Demasi has “provided a great deal of assistance, valuable information, and documentation” to investigators, OIG investigator Shawn Ellis wrote in a March letter to the U.S. Attorney’s Office made public by Demasi’s attorney. 

While his office was no longer leading the probe, Ellis wrote that Demasi has "continued to cooperate with ... additional law enforcement agents to facilitate the ongoing investigation."

A spokesperson for the attorney general's office confirmed Demasi's cooperation, telling Bridge Michigan on Friday that his assistance has been "helpful" to the probe. 

The court documents are the first evidence that one of the two central players in the Clare health park project has been cooperating with investigators since Bridge first reported state officials had shut down the grant and launched a probe in May 2023.

Sponsor

As Bridge reported, state officials had not vetted Coker or Demasi before awarding the grant, and some state officials had difficulty figuring out who was supposed to get the money because the legislation — like many pork-barrel grants — was vague.

A lobbyist eventually told workers at the state health department that Coker’s nonprofit was the intended recipient. It was awarded after a state staffer told colleagues that the “grantee is both well connected politically and a bit antsy…”

The state health department sent Coker’s nonprofit $10 million before halting the grant. 

Demasi, a longtime friend of Coker’s, had provided consulting services for the so-called Complete Health Park and was scheduled to get hundreds of thousands of dollars from the project. 

He later sued Coker, alleging Coker failed to pay him and conspired with Wentworth to profit from the project, which included a $3 million land purchase from a family business of current state Rep. Tom Kunse, R-Clare. 

Kunse, who later publicly questioned the grant, said he sought legal advice before completing that sale, which was finalized two weeks after he took office in January 2023.

Wentworth, who was term-limited out of office at the end of 2022, has called Demasi’s claims "absolutely garbage," "ridiculous" and “false.”

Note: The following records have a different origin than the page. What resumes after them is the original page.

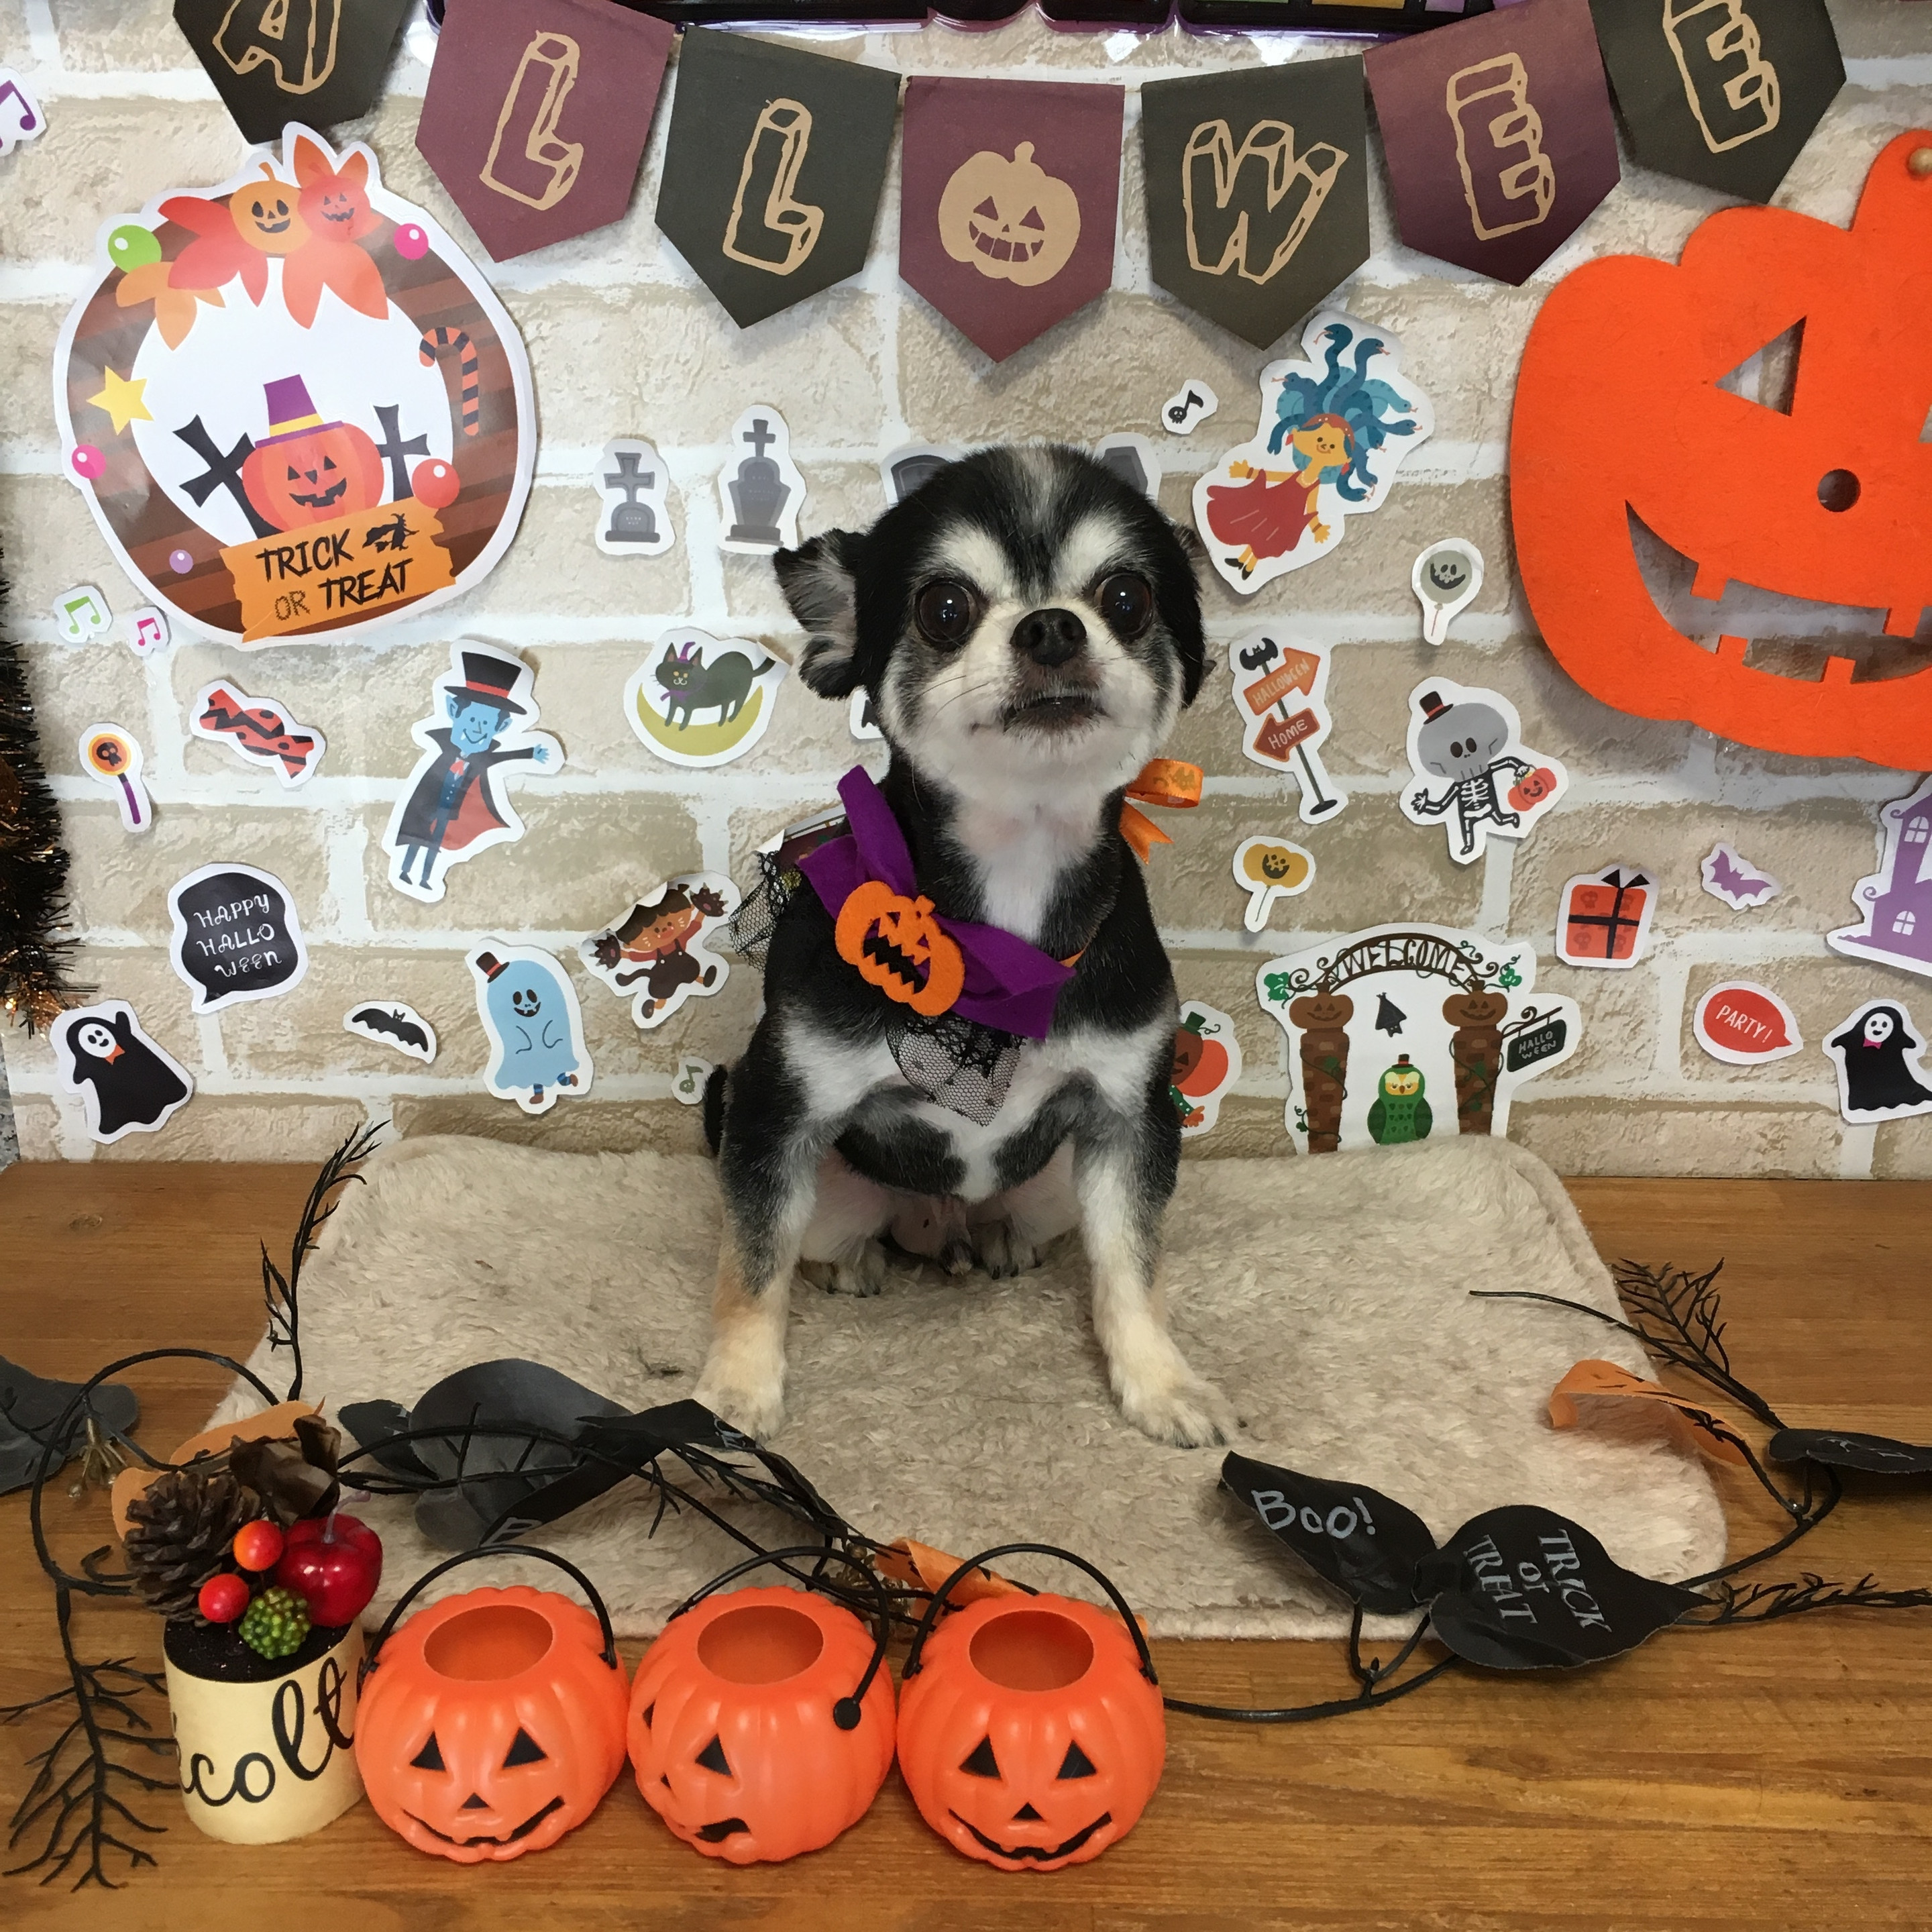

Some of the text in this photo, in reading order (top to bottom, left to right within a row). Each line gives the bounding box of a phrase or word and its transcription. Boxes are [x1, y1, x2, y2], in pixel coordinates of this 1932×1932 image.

[255, 529, 354, 582] TRICK
[274, 558, 414, 621] OR TREAT
[1252, 658, 1310, 706] HALLOWEEN
[1268, 719, 1308, 749] HOME
[196, 923, 275, 956] HALLO
[1341, 938, 1468, 982] WELCOME
[1518, 1030, 1553, 1054] HALLO
[1715, 1005, 1773, 1043] PARTY!
[1521, 1040, 1556, 1059] WEEN
[1463, 1534, 1538, 1623] TREAT
[1538, 1528, 1612, 1632] TRICK

Coker, too, has argued that everything was above board with the project, which he had pitched to the state as an effort to combat high rates of poor health among Clare County residents. 

Sponsor

It was to include a pool, fitness areas, athletic courts, fields and medical offices. A centerpiece of the initial phase: a 24-lane bowling alley, according to documents and interviews.

"There's nothing underhanded, nothing shady," Coker told Bridge in May 2023. "This is being done for the public, essentially by the public. Someone has to do it."

Demasi, who spent over four years in federal prison on securities fraud in the 2010s, in April pleaded guilty to two bank fraud charges stemming from his fraudulent use of credit cards he got using the name and data of young employees of his. 

Demasi was set to be sentenced on those charges Thursday, but the hearing was delayed until Sept. 12.